Exercise details —
Leave the pictures out and restate each entry below word for word.

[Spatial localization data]

=== Begin Enclosure ===

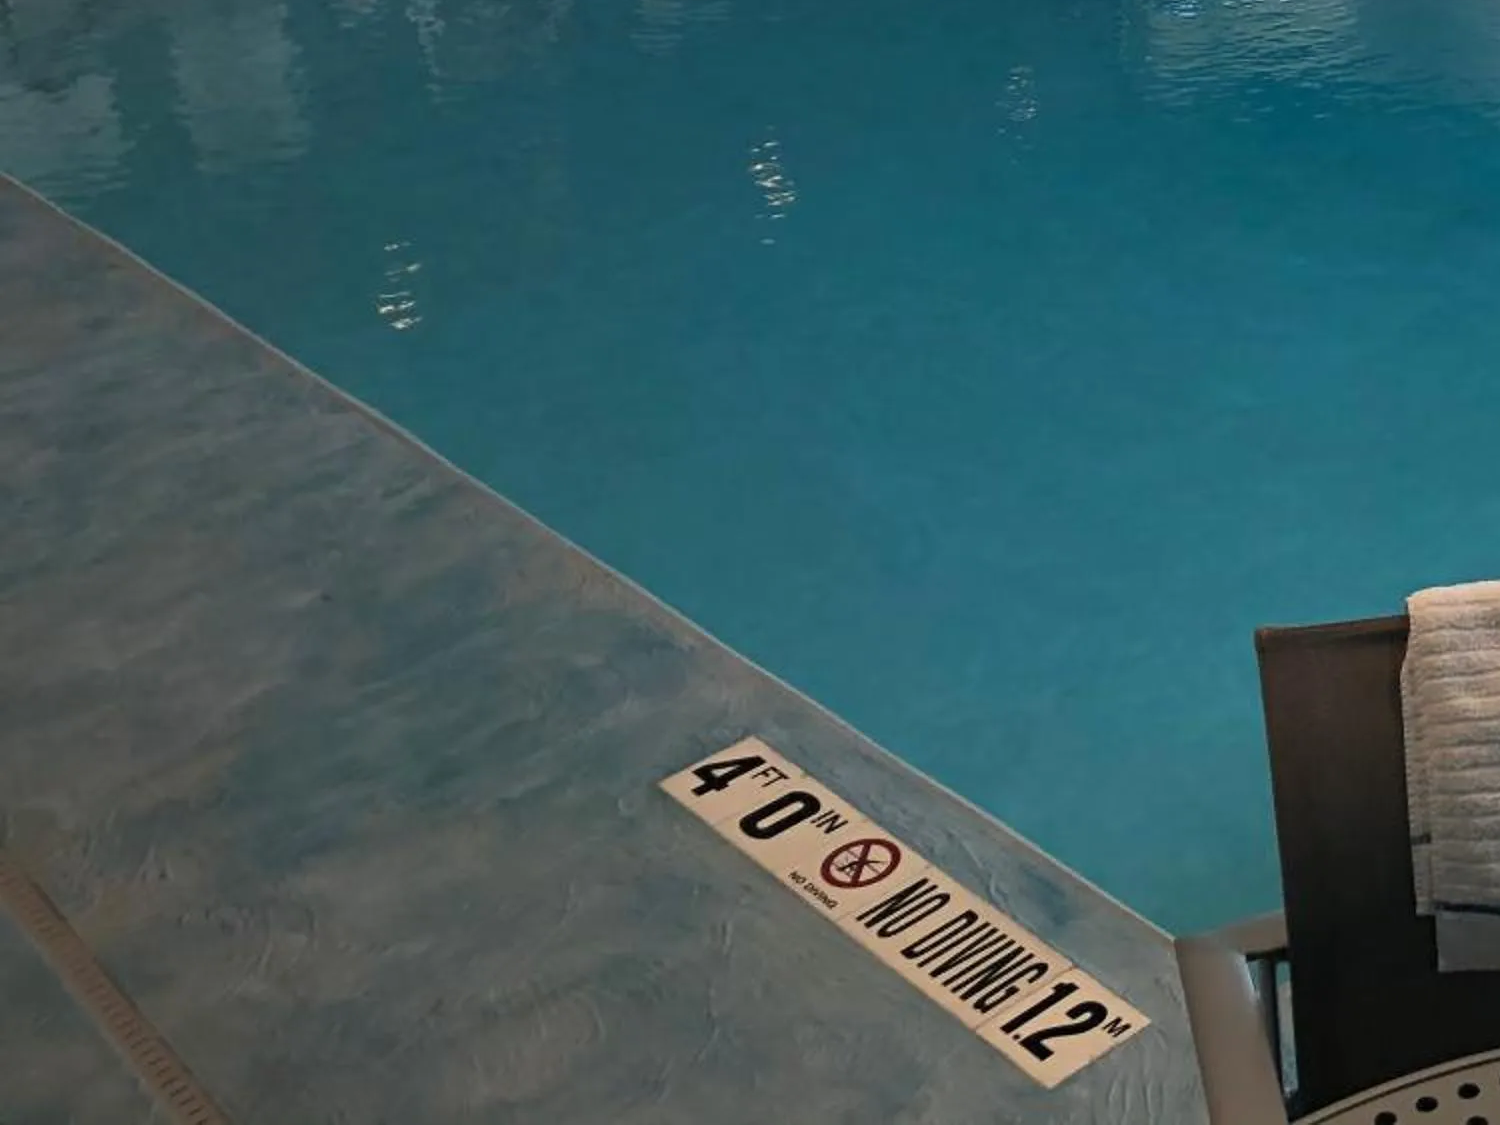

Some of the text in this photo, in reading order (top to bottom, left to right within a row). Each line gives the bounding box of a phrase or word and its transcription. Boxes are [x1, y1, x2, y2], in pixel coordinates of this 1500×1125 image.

[788, 871, 839, 910] NO DIVING
[856, 878, 950, 937] NO
[900, 910, 1049, 1013] DIVING
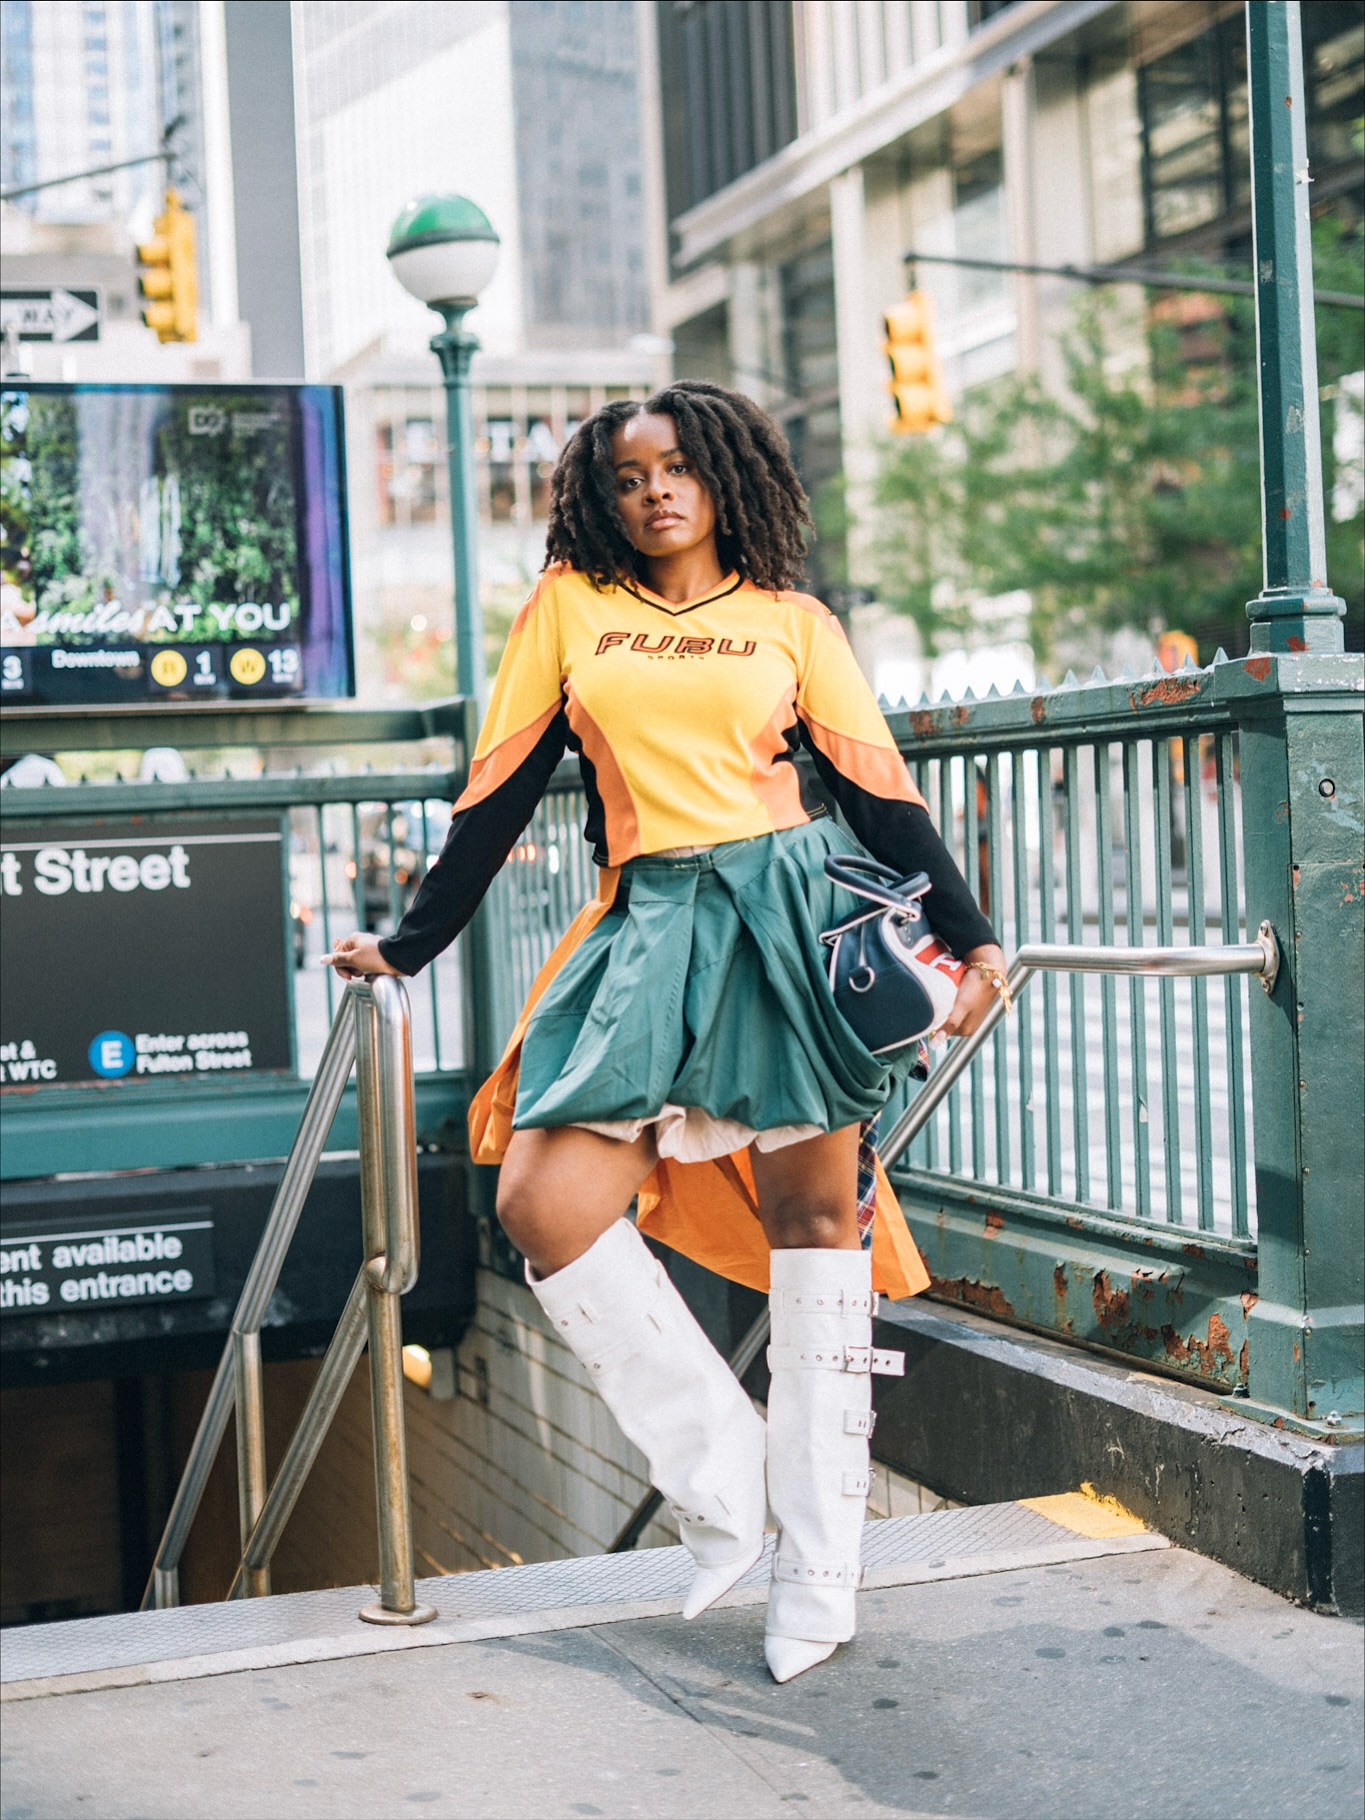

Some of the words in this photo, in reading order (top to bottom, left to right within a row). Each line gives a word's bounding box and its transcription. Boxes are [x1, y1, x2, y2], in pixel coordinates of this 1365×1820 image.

[20, 309, 74, 323] WAY
[148, 605, 201, 632] AT
[208, 603, 290, 630] YOU
[595, 632, 757, 656] FUBU
[2, 656, 22, 680] 3
[51, 650, 141, 669] Downtown
[196, 653, 211, 678] 1
[268, 649, 299, 675] 13
[0, 852, 23, 896] t
[34, 845, 191, 896] Street
[19, 1040, 36, 1060] &
[101, 1041, 123, 1069] E
[135, 1034, 185, 1054] Enter
[187, 1032, 249, 1050] across
[8, 1059, 57, 1081] WTC
[136, 1053, 194, 1074] Fulton
[195, 1049, 252, 1070] Street
[52, 1232, 183, 1269] available
[60, 1269, 193, 1302] entrance
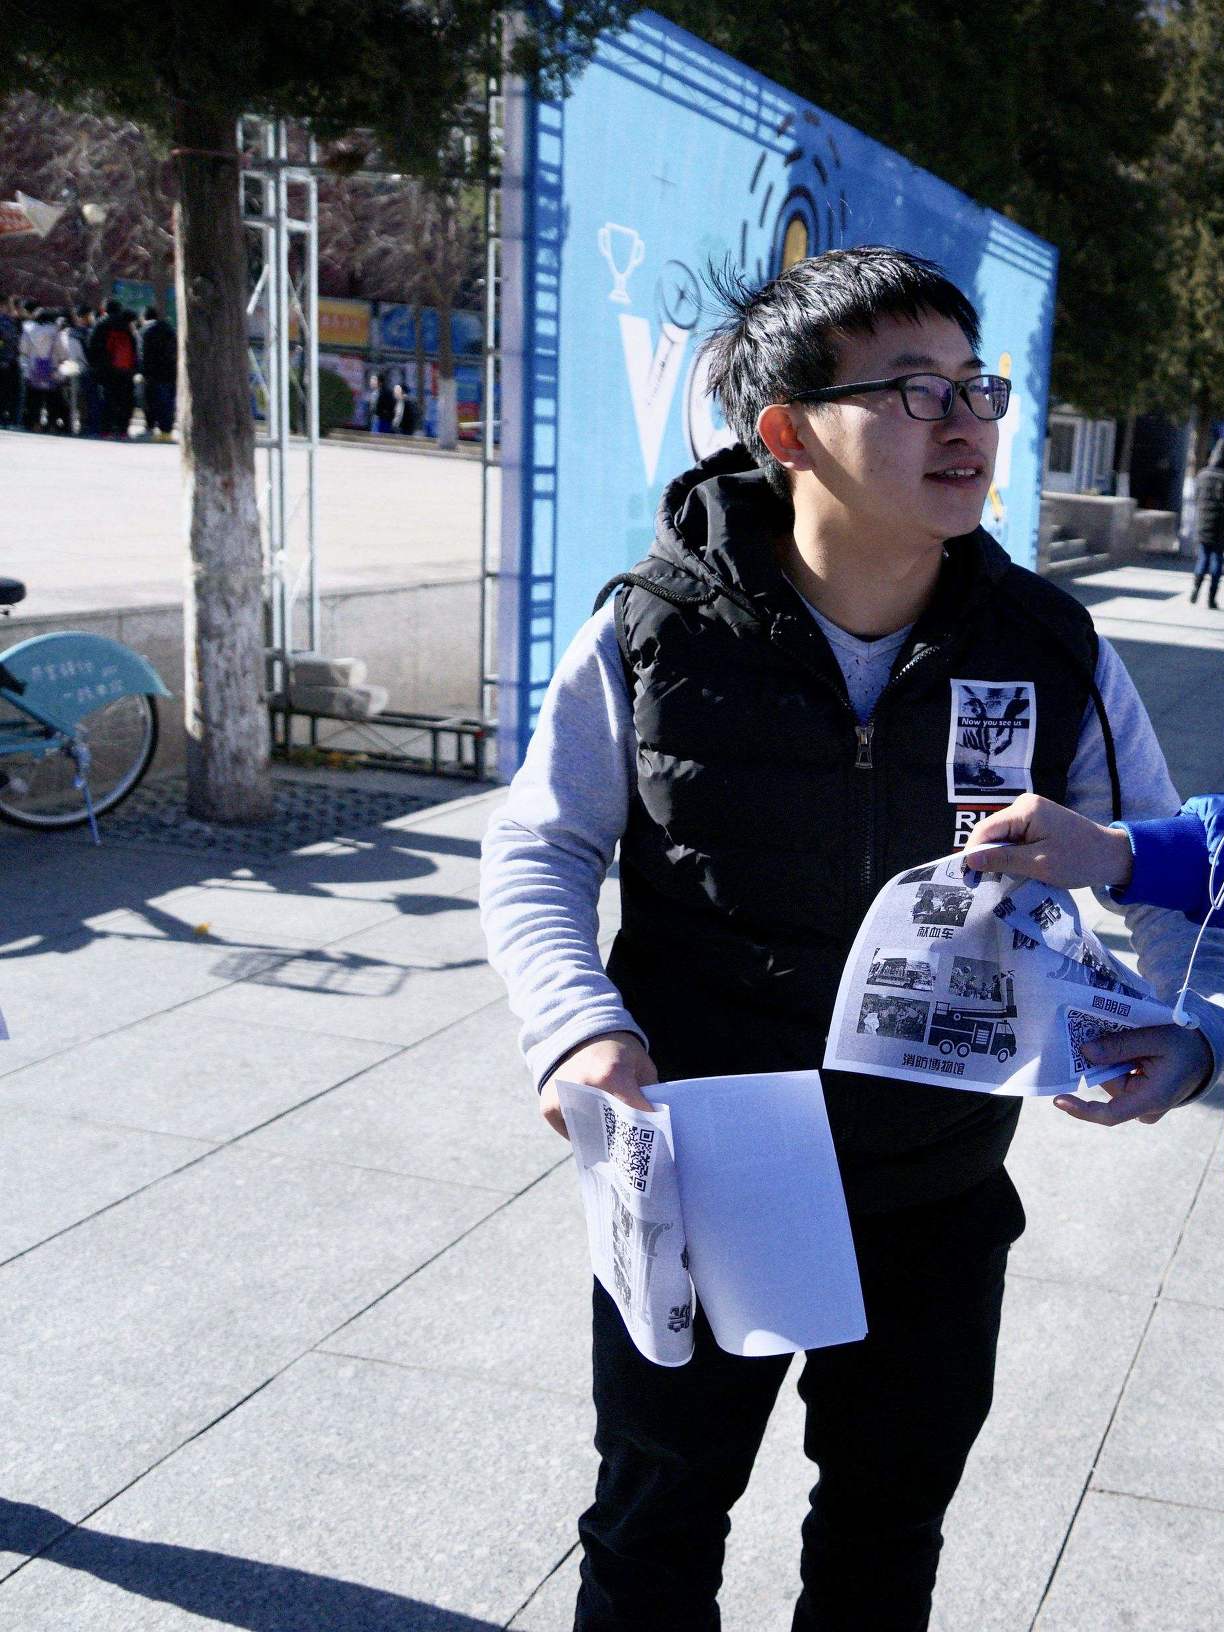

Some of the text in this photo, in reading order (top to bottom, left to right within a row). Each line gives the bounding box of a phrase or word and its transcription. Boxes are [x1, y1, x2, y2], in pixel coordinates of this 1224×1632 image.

=== End Enclosure ===

Expected answer —
Some of the text in this photo, in reading order (top to bottom, left to right within a row). Each line gives the bounding box of a phrase or word and its transcription. Boxes are [x1, y1, x2, y2], in pixel coordinates of this 1500×1125 image.

[788, 871, 839, 910] NO DIVING
[856, 878, 950, 937] NO
[900, 910, 1049, 1013] DIVING

Some of the words in this photo, in reading order (top to bottom, left to right within a row). Each line gives a word's bounding box and its transcription. Boxes are [x1, y1, x2, y2], in pixel coordinates of this 1365×1820 image.

[20, 309, 74, 323] WAY
[148, 605, 201, 632] AT
[208, 603, 290, 630] YOU
[595, 632, 757, 656] FUBU
[2, 656, 22, 680] 3
[51, 650, 141, 669] Downtown
[196, 653, 211, 678] 1
[268, 649, 299, 675] 13
[0, 852, 23, 896] t
[34, 845, 191, 896] Street
[19, 1040, 36, 1060] &
[101, 1041, 123, 1069] E
[135, 1034, 185, 1054] Enter
[187, 1032, 249, 1050] across
[8, 1059, 57, 1081] WTC
[136, 1053, 194, 1074] Fulton
[195, 1049, 252, 1070] Street
[52, 1232, 183, 1269] available
[60, 1269, 193, 1302] entrance

Some of the text in this photo, in reading order (top to bottom, left to right within a row). Each line gives the bounding box of a phrase or word and its transcription. Boxes are [x1, y1, x2, y2], in pixel coordinates of this 1224×1632 image.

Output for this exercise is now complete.